From: Andy Lutomirski
Date: Wed Apr 04 2018 - 10:35:50 EST


I've reordered your email to make my email more coherent.

> On Apr 4, 2018, at 1:05 AM, David Howells <dhowells@xxxxxxxxxx> wrote:
>

>
> What we *have* said is that *if* we want to pass the secure boot state across
> kexec, then we have to make sure that:
>

What do you even mean "pass the secure boot state across kexec"? All
I can come up with is that you want a kexeced Linux kernel to also be
passed a flag saying "I was secure booted" and to enable or disable
lockdown accordingly. Let's consider the cases:

1. First kernel is verified (secure boot or otherwise) and locked
down. Certainly that lock down needs to enforce that the next kernel
in the chain is locked down, otherwise lockdown gets defeated.

2. First kernel is not verified but is locked down. It still needs to
enforce that the next kernel is verified and locked down, otherwise
lockdown gets defeated.

3. First kernel is verified but not locked down. There's very little
point in trying to force the next kernel to be locked down.

4. First kernel is neither verified nor locked down. There's still no
point in trying to force the next kernel to be locked down.

Isn't the right solution to have a flag saying "force lockdown" that
kexec can pass to the child kernel? A locked down parent kernel would
refuse to load an unsigned child kernel and would always set that
flag.

> Andy Lutomirski <luto@xxxxxxxxxx> wrote:
>
>> As far as I can tell, what's really going on here is that there's a
>> significant contingent here that wants to prevent Linux from
>> chainloading something that isn't Linux.
>
> You have completely the wrong end of the stick. No one has said that or even
> implied that. You are alleging dishonesty on our part.
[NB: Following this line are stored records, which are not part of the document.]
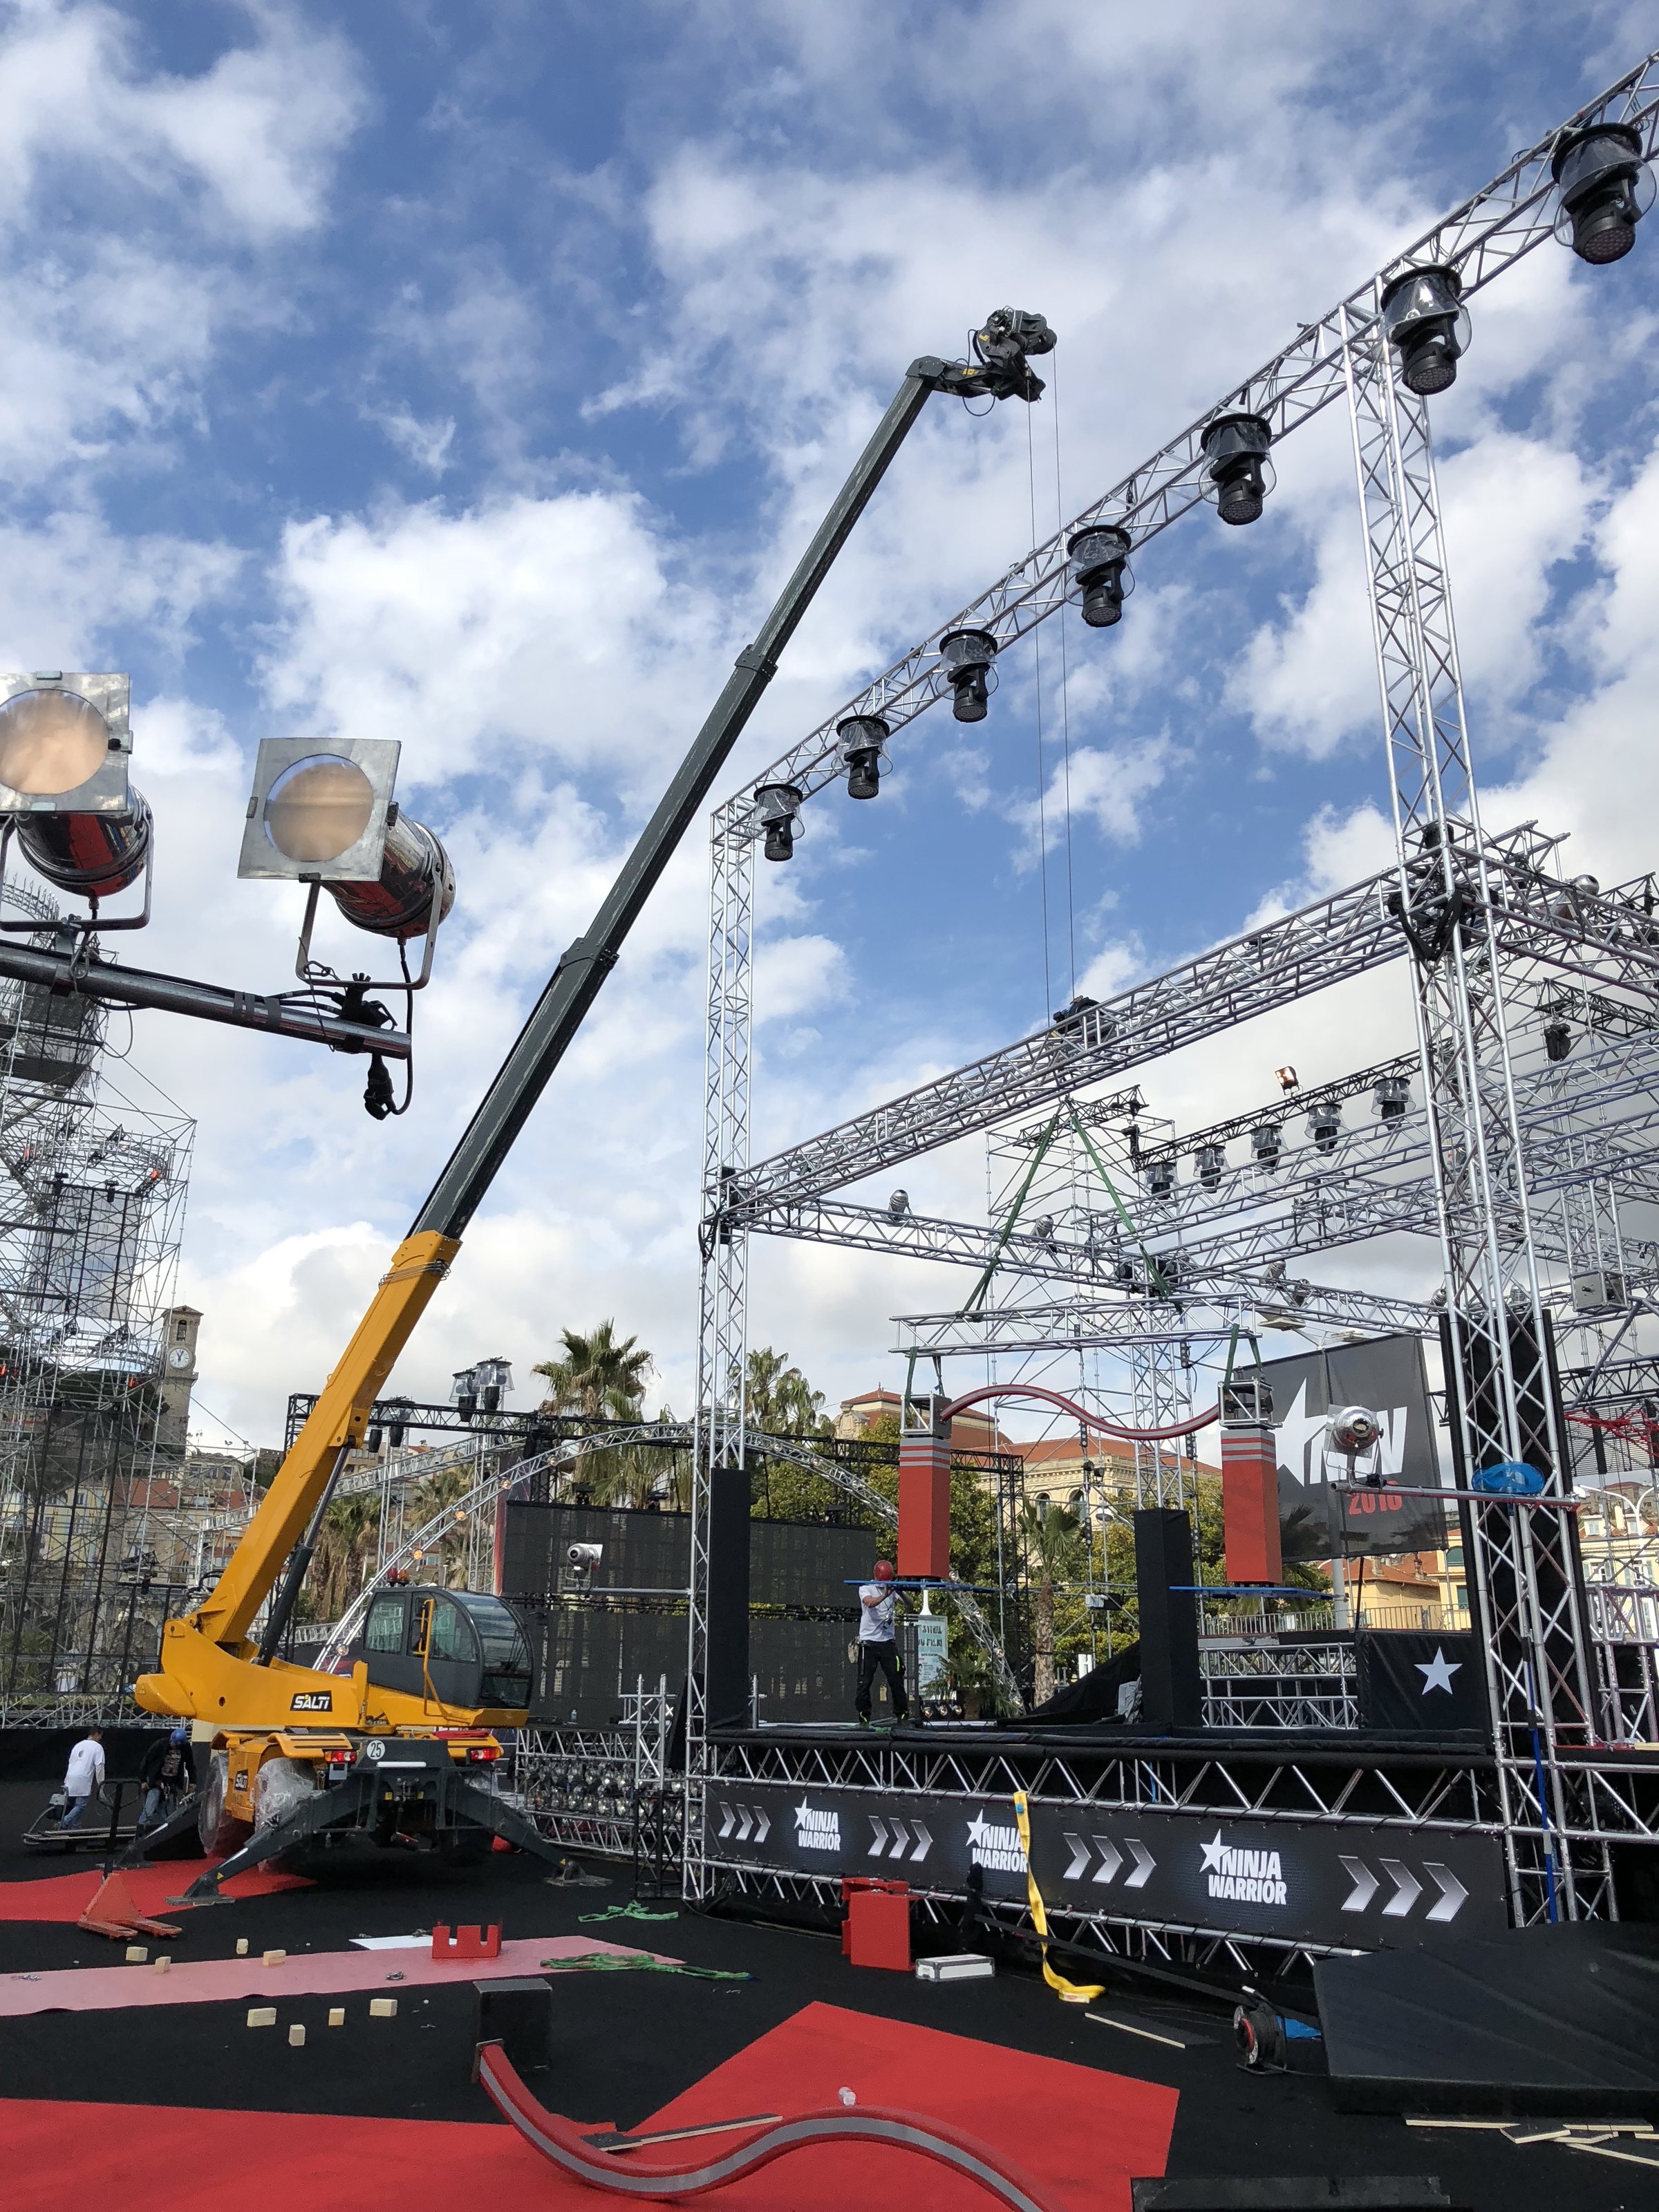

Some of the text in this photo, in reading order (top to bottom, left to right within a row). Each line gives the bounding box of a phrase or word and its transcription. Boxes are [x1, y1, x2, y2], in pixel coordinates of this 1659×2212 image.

[371, 1743, 382, 1758] 25
[806, 1810, 838, 1833] NINJA
[798, 1830, 841, 1851] WARRIOR
[982, 1826, 1025, 1852] NINJA
[972, 1847, 1028, 1873] WARRIOR
[1221, 1848, 1282, 1880] NINJA
[1208, 1874, 1287, 1905] WARRIOR
I'm alleging that the idea that Linux seems some particular policy to
avoid being blacklisted keeps being brought up as a justification for
these patches. And, in fact, you bring it up again right here:

>
> And if someone tampers with the aim of breaking, say, Windows, then someone,
> e.g. Microsoft, might blacklist the shim.

In other words, if you chainload an intentionally corrupted copy of
Windows, you get blacklisted? This sounds awfully like what I said
upthread. Is this actually a real concern? Greg seems quite
convinced that it isn't.